== DATA SUPPLIED
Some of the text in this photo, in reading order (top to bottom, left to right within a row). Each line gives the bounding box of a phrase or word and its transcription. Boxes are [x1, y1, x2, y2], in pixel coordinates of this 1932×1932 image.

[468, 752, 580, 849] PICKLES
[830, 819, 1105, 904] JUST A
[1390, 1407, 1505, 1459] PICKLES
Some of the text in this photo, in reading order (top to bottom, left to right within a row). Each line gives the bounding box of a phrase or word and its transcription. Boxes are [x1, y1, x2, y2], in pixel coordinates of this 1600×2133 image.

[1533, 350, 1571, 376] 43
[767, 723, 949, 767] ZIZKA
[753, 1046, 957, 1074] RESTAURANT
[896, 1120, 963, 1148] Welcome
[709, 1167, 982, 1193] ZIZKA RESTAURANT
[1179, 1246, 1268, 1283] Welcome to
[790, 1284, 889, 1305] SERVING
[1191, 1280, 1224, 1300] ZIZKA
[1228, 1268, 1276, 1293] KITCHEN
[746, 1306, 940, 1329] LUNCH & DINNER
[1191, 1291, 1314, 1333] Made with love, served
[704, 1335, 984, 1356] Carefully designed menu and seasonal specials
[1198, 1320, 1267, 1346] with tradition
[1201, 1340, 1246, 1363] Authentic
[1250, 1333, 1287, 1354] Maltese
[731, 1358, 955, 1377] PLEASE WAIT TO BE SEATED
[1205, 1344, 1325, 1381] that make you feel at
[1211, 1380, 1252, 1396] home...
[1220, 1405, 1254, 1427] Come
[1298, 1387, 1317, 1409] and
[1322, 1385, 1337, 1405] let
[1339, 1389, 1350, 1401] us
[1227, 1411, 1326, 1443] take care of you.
====
- _EXERCISE AIM_
The full set of entries above needs to be restated word for word.

- _OUTPUT_
Some of the text in this photo, in reading order (top to bottom, left to right within a row). Each line gives the bounding box of a phrase or word and its transcription. Boxes are [x1, y1, x2, y2], in pixel coordinates of this 1932×1932 image.

[468, 752, 580, 849] PICKLES
[830, 819, 1105, 904] JUST A
[1390, 1407, 1505, 1459] PICKLES
Some of the text in this photo, in reading order (top to bottom, left to right within a row). Each line gives the bounding box of a phrase or word and its transcription. Boxes are [x1, y1, x2, y2], in pixel coordinates of this 1600×2133 image.

[1533, 350, 1571, 376] 43
[767, 723, 949, 767] ZIZKA
[753, 1046, 957, 1074] RESTAURANT
[896, 1120, 963, 1148] Welcome
[709, 1167, 982, 1193] ZIZKA RESTAURANT
[1179, 1246, 1268, 1283] Welcome to
[790, 1284, 889, 1305] SERVING
[1191, 1280, 1224, 1300] ZIZKA
[1228, 1268, 1276, 1293] KITCHEN
[746, 1306, 940, 1329] LUNCH & DINNER
[1191, 1291, 1314, 1333] Made with love, served
[704, 1335, 984, 1356] Carefully designed menu and seasonal specials
[1198, 1320, 1267, 1346] with tradition
[1201, 1340, 1246, 1363] Authentic
[1250, 1333, 1287, 1354] Maltese
[731, 1358, 955, 1377] PLEASE WAIT TO BE SEATED
[1205, 1344, 1325, 1381] that make you feel at
[1211, 1380, 1252, 1396] home...
[1220, 1405, 1254, 1427] Come
[1298, 1387, 1317, 1409] and
[1322, 1385, 1337, 1405] let
[1339, 1389, 1350, 1401] us
[1227, 1411, 1326, 1443] take care of you.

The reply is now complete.